Et le feu s’éteignit sur la mer…/17

La bibliothèque libre.
◄   Chapitre XV Chapitre XVII   ►


XVI

Tu nous viendras, un soir couronné d’anémones,
Un soir triste et très beau que n’attendait personne,

Et ces mains contiendront les parfums d’Italie
Dans le galbe soyeux de leur coupe pâlie.

Ces genoux, adorant les païennes prières,
Seront les arceaux blancs de ta nudité claire.

Ce front d’illuminée et ton air de statue
Évoqueront l’ardeur des Dieux qui s’était tue…

Ces seins, boucliers purs, sur ta poitrine chaste,
Sembleront, eux, trophée, un marbre enthousiaste ;

Ces yeux seront, ces yeux, tout humides d’ivresse
L’étincelant pistil en fleur de ta jeunesse…


Mais ton baiser déçu n’aura plus la langueur
Des cyprès jaillissant près des jets d’eau chanteurs !

. . . . . . . . . . . . . . . . .

— Quoi, dearest, vous lisez encore ? Vous allez vous faire mal au tête, yon know ?

Il fermait le livre, résigné, confus de trouver devant lui Muriel si fraîche après sa promenade, et si jolie. Et Gérard qui l’avait attendue vainement toute la journée, qui s’était bien juré de lui faire la tête (oh ! mais, là, une tête épouvantable), Gérard baissait le nez, trop heureux de la voir enfin. L’artiste se faisait soudain petit enfant.
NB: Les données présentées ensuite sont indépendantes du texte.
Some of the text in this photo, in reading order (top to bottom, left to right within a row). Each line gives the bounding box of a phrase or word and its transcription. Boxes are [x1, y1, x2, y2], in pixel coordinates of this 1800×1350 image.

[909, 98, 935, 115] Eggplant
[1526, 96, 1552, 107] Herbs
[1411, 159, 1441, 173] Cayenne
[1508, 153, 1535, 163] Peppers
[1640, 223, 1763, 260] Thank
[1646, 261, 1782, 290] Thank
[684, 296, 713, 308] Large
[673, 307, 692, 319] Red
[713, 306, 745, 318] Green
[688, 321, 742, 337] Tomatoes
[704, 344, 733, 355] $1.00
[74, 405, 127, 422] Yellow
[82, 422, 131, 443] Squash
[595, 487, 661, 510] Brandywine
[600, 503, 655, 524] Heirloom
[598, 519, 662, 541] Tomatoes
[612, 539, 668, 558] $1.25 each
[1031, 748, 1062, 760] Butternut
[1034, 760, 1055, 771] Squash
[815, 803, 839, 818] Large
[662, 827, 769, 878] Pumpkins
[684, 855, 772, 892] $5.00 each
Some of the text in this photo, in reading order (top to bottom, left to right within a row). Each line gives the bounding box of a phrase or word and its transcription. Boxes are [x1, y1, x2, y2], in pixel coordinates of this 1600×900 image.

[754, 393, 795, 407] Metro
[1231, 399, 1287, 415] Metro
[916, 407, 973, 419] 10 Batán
D’ailleurs, en défaisant son chapeau dont elle retirait minutieusement les épingles, une à une, avec l’air absent et préoccupé de toutes les femmes qui n’ont rien à faire, miss Lawthorn bavardait et détaillait sa journée.
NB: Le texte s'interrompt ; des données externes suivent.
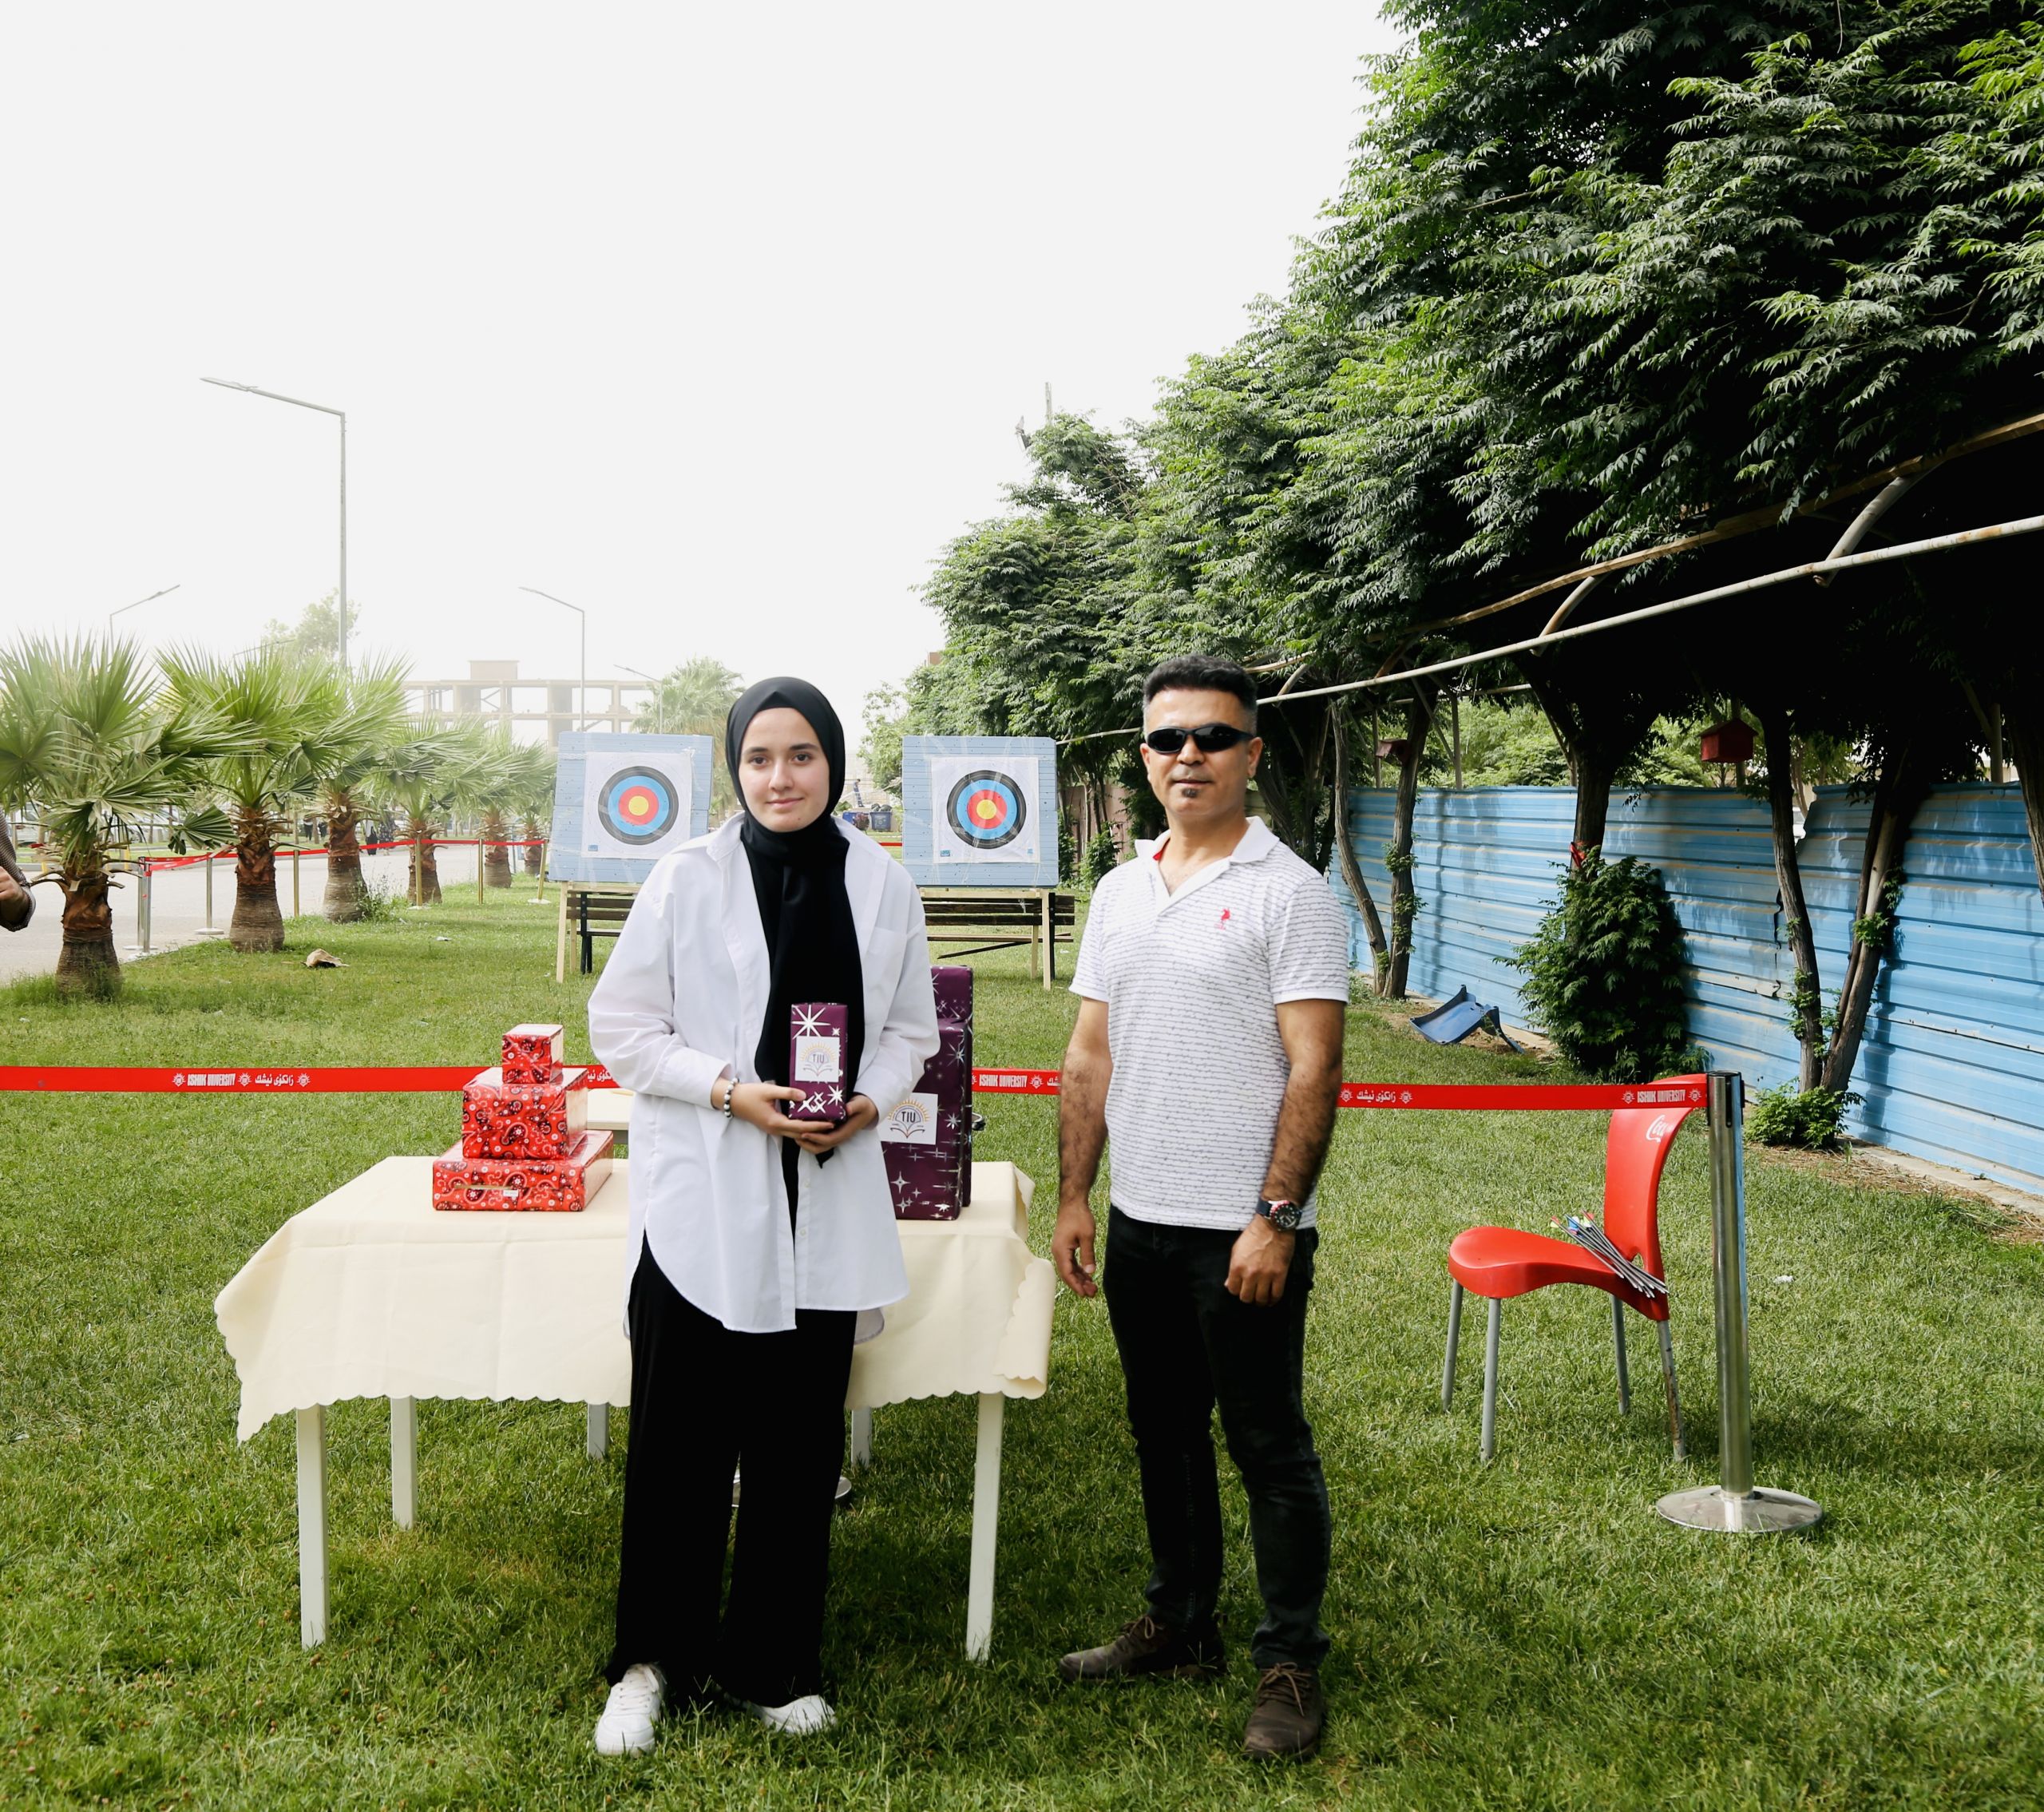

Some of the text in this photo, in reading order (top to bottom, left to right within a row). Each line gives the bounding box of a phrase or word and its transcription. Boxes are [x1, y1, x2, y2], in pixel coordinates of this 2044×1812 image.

[812, 1053, 825, 1064] TIU
[188, 1073, 236, 1086] ISHIK UNIVERSITY
[979, 1074, 1028, 1088] ISHIK UNIVERSITY
[1637, 1089, 1686, 1103] ISHIK UNIVERSITY
[901, 1111, 916, 1123] TIU
Tout en parlant, elle examinait le nouvel atelier que Maleine venait de louer à la Piccola Marina, et soulevait les morceaux de grosse toile humide baignant les glaises. Ce matin même, après son déjeuner, elle était venue en surprise. Mais Maleine n’était pas là. Alors, elle partait pour une excursion du côté de Barbarossa, grimpait les flancs du Monte Solaro, atteignait le Phare, et s’en revenait doucement, par les sentiers qui sentent bon l’herbe, entre les bois de châtaignier. Elle s’était arrêtée sur le chemin, à Anacapri, avait goûté avec deux paquets de ces raisins brûlés de Sorrente, qu’on décortique du bout des doigts au fond de leur linceul de feuilles de figuier. Voilà.

— Et vous étiez seule ?

Elle se récriait. Of course. Avec qui se serait-elle promenée ? Ces gens de Capri, ces Capri people, l’agaçaient. C’était un cocktail social aux mélanges les plus hétéroclites : Banquiers faillis, avocats véreux, anciens croupiers de Riviera, gentilshommes à tâche ou laveurs de vaisselle enrichis fraternisaient avec de vieilles grues vertueuses, des filles incasables ou des admiratrices trop ferventes de Lesbos. On échangeait des potins et des crottins. Glissez, rumpels, n’ennuyez pas. Les choses les plus futiles, les à propos d’une tasse d’eau chaude, d’un chapeau neuf, d’une bonne changée ou d’une tête inédite aperçue sur la place prenaient une importance mondiale pour quinze jours. My God ! Dès que deux êtres avaient été vus cinq minutes ensemble, on tirait un trait d’union. Les saintes nitouches devenaient saintes n’y couche. Certainly, Muriel ne tenait pas à fréquenter ce milieu-là…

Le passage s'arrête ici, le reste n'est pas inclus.